US City located close to the Mississippi Delta and thus a natural Threshold venue. It stands between the continent and the Gulf of Mexico; it is an outpost of the American way in an environment which is almost tropic; and it has been "notorious" for centuries as a venue for transgressive behaviour: smuggling, vice, jazz and miscegenation – over the years, French, Spanish, English, Indians and Afro-Caribbeans bred to create the Creole culture and tongue. It is an ideal setting for Supernatural Fiction and Horror.

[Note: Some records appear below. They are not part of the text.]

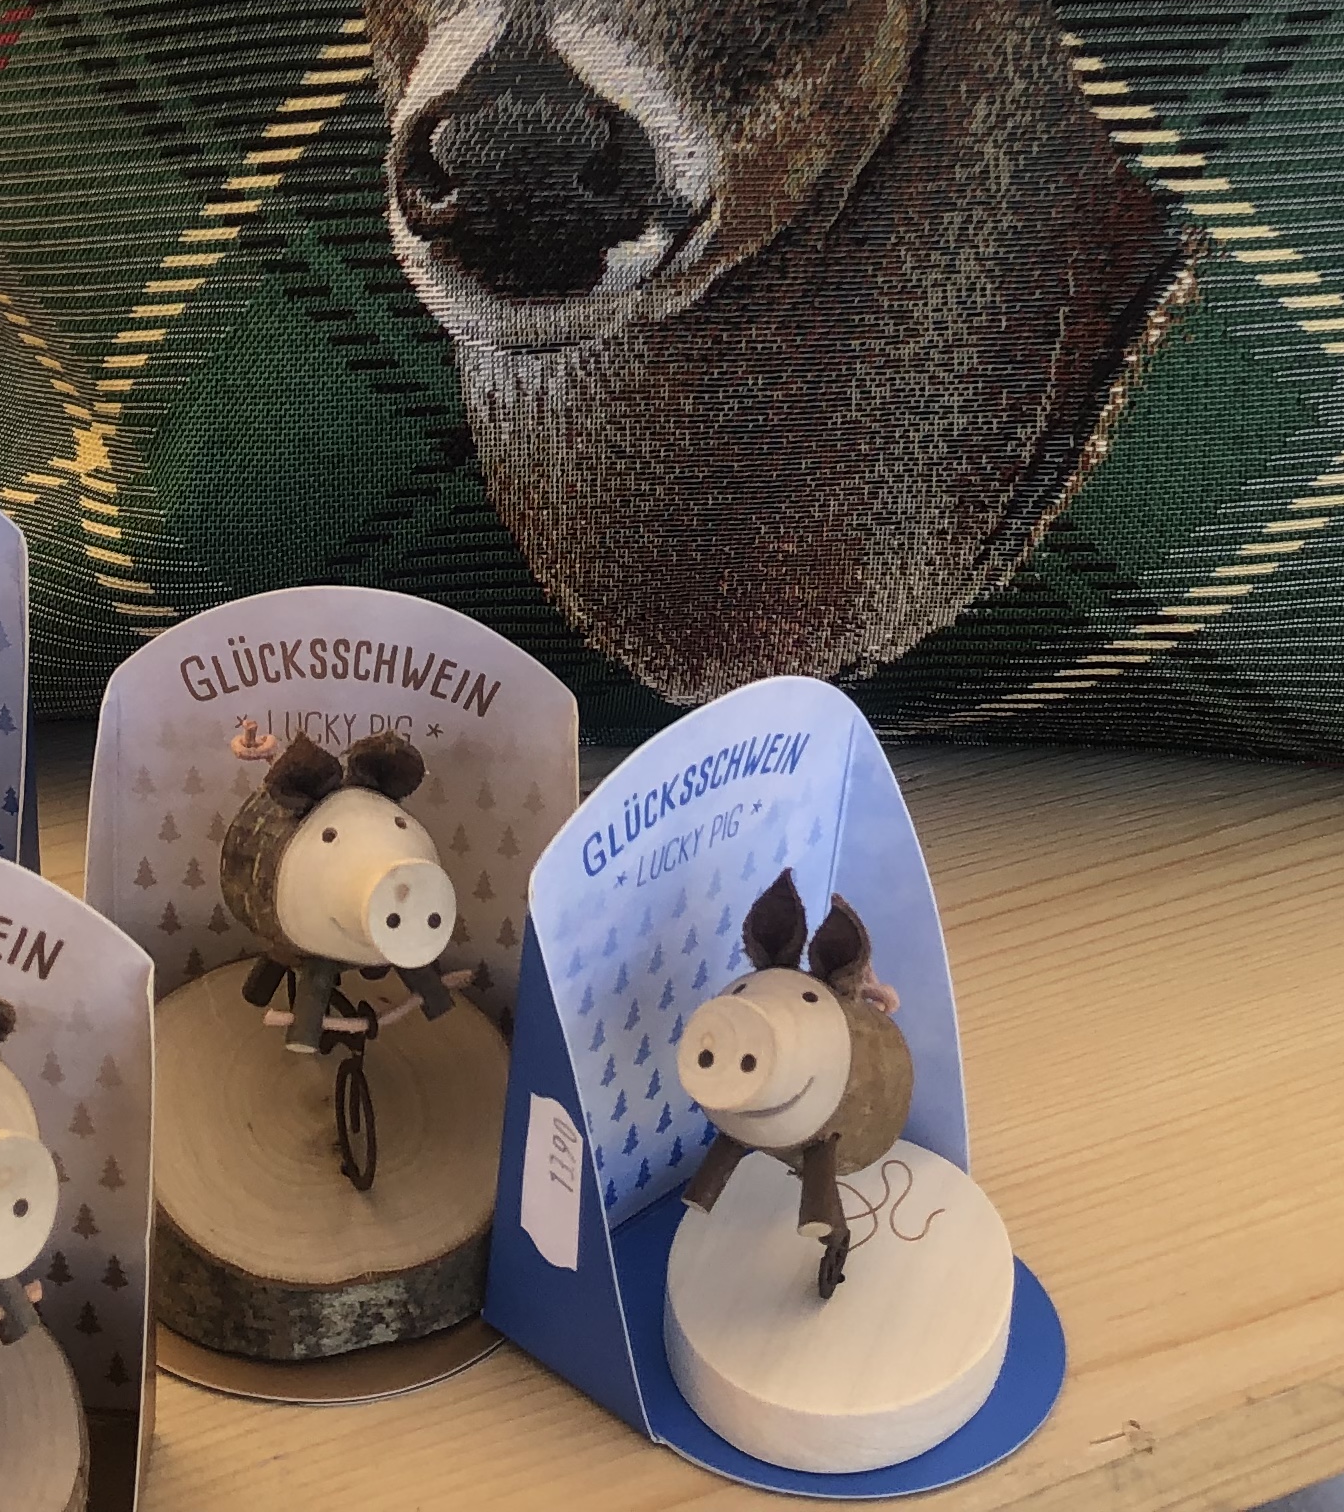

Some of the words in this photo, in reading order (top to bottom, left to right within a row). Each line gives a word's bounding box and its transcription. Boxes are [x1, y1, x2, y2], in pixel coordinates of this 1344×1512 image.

[179, 635, 502, 718] GLÜCKSSCHWEIN
[581, 731, 812, 878] GLÜCKSSCHWEIN
[635, 828, 704, 888] LUCKY
[708, 802, 744, 849] PIG
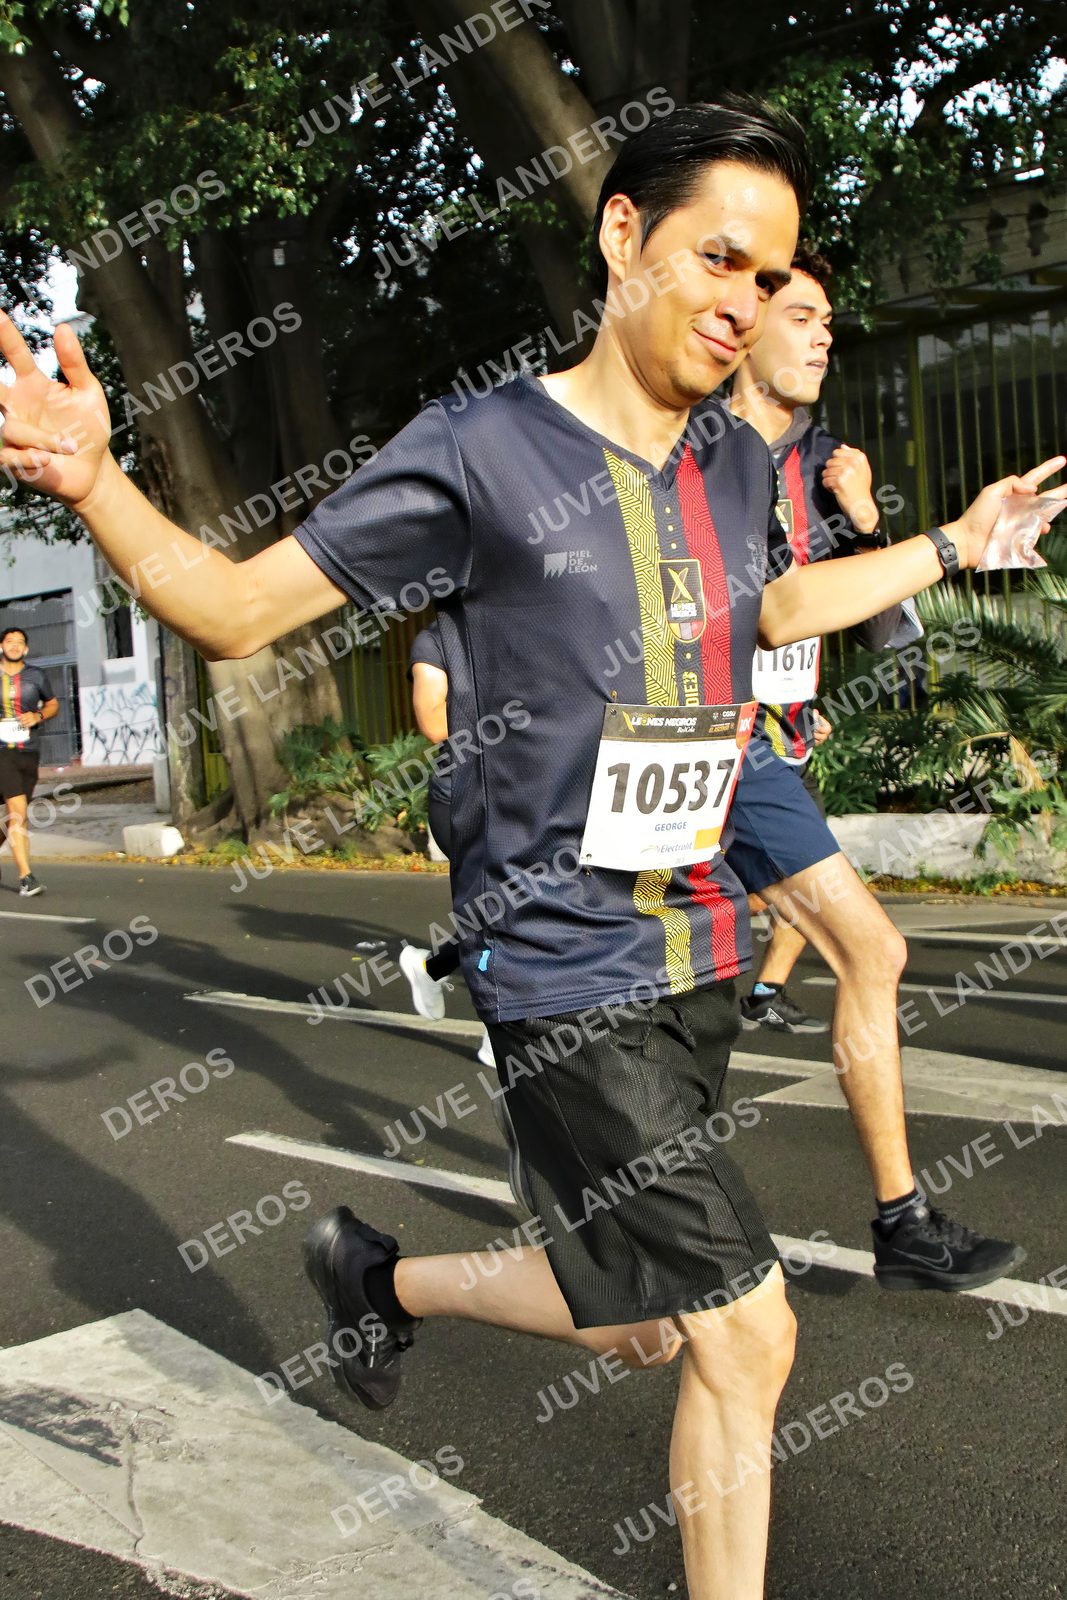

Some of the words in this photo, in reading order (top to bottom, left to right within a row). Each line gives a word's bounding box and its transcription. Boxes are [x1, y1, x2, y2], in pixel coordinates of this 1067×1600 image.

[569, 558, 584, 566] DE
[607, 758, 736, 815] 10537
[654, 821, 688, 832] GEORGE

The first writer of any renown to make use of the venue was George Washington Cable (1844-1925), most of whose work is New Orleans-based, including "Jean-ah Poquelin" (1875 Scribner's), a rationalized Ghost Story in which various cultures and races come together. Some of Lafcadio Hearn's New Orleans stories, as assembled in Fantastics (coll 1914), are also of interest; and some of the Gothic anecdotes assembled in New Orleans Sketches (coll 1954 Japan) by William Faulkner (1897-1962) have supernatural elements.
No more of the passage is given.